The New Testament pulls the curtain from the icon throughout its text. The image of the marriage feast, prominent in the parables of Jesus, are revealed in St. Paul to be pointing towards the relationship between Christ and His Church. Just as there is no Adam without Eve, no male without the female, so Christ is not without His bride, the Church. It might strain the ears of some to hear that Christ is “without” anything (such is the blindness wrought by Protestant interpretations of Scripture). But St. Paul, working from the given that the woman is the “body” of the man (“bone of his bone and flesh of his flesh”) teaches that the Bride of Christ, the Church, is the Body of Christ. And not just that the Church is the Body of Christ, but that Christ is the “head” of the Church (as he will say elsewhere that man is the “head” of the woman). Even so, shockingly, he says:

The eye cannot say to the hand, “I have no need of you,” nor again the head to the feet, “I have no need of you.” (1Cor 12:21)

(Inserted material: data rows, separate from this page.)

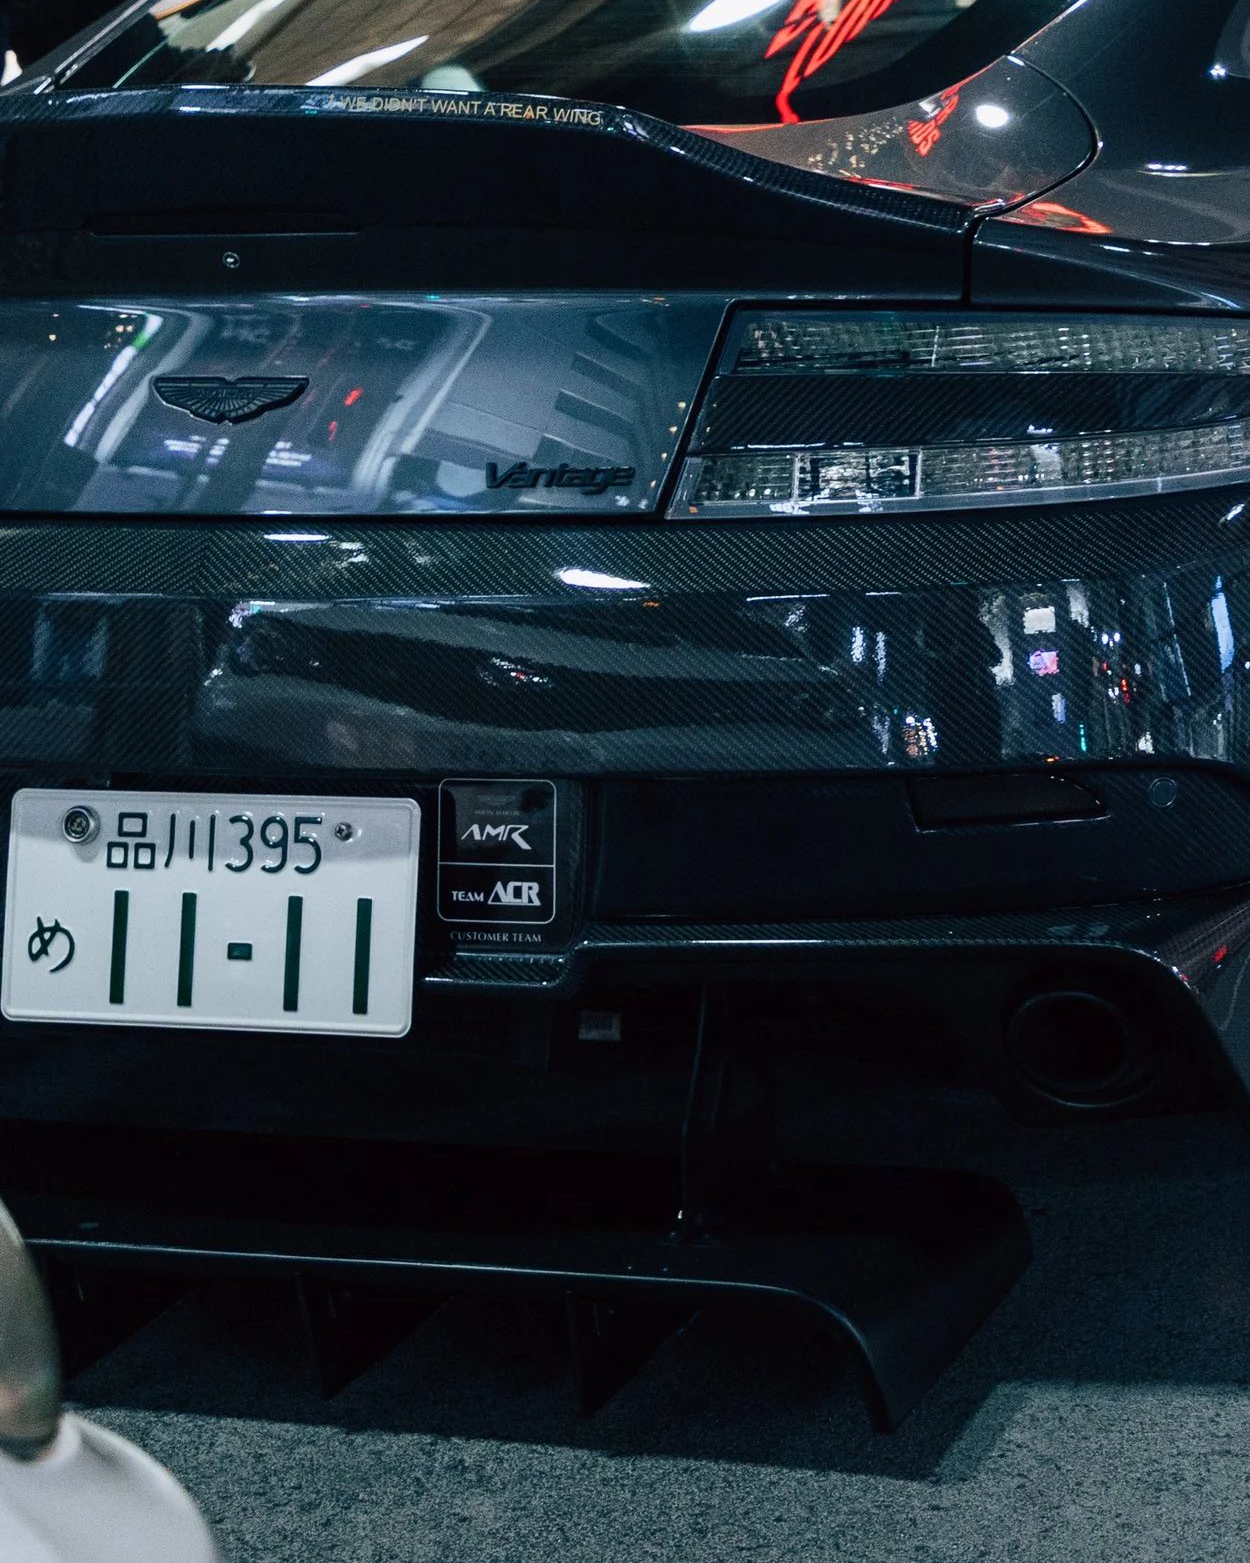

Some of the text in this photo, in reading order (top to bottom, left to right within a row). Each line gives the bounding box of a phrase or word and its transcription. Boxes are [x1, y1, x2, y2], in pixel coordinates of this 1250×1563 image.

[340, 95, 601, 125] WE DIDN'T WANT A REAR WING
[485, 461, 635, 495] Vantage
[461, 824, 532, 850] AMR
[452, 881, 541, 906] TEAM ACR
[28, 916, 75, 973] め
[450, 931, 542, 942] CUSTOMER TEAM

The “whole Adam” is the human race. Christ is the Second Adam, and the “whole” Second Adam includes Christ and His bride, male and female (neither of which disappears into the other). Modern individualism has largely destroyed the Biblical understanding of Church, replacing it with an institutional interpretation in which it becomes a mere fellowship. However, the reality abides. The New Adam and His bride exist among us as icon of the age to come in which the fullness of that union will be made manifest.

As we look towards the age to come, those who mistakenly take St. Paul’s statement that there is “neither male nor female in Christ Jesus” to intimate a disappearance of gender, take up the notion of the abolition of the past, contradicting everything that we know. Instead, we must understand that what passes away is that which is less, that is, a lesser reality of male and female. What remains and is unshaken is a fullness and greatness of male and female compared to which what has gone before pales.

Mary is “more woman” than Eve, an iconic fulfillment of which Eve was but shadow. The Bride of Christ (and the brilliance that she shall be) gathers in the Mother of God and is more like her than like Eve. The greatness of Mary that so scandalizes some is simply an expression of what is being revealed in her. It is in this direction (lesser to greater) that we should turn our hearts when we consider these things.

By the same token, it is of note that Christ’s primary revelation within the Church comes in the Divine Liturgy, the marriage feast of the Lamb. There, the Bridegroom, together with His Bride, enter the marriage chamber in a communion of Divine Life. That we frequently lose sight of Christ as Bridegroom and the Church as Bride says much about our own distractions and distortions. The prayers of the Church constantly invoke the language of our common life, remembering the Theotokos and all the saints, reminding us that our communion is in the totality of Christ, in behalf of all and for all.

What is heaven like? It is something like what we already know, but not in the way we know it. Adam and Eve of the Garden are like the Bridegroom and the Bride, but you do not see the former until you see the latter. Those who begin to see and understand the Eucharist, and the risen Christ revealed in that feast, begin to see everything else in a different light, and under the dawning rays of the age to come, the outline of what they shall be.

About Fr. Stephen Freeman

Fr. Stephen is a retired Archpriest of the Orthodox Church in America, Pastor Emeritus of St. Anne Orthodox Church in Oak Ridge, Tennessee. He is also author of Everywhere Present: Christianity in a One-Storey Universe, and Face to Face: Knowing God Beyond Our Shame, as well as the Glory to God podcast series on Ancient Faith Radio.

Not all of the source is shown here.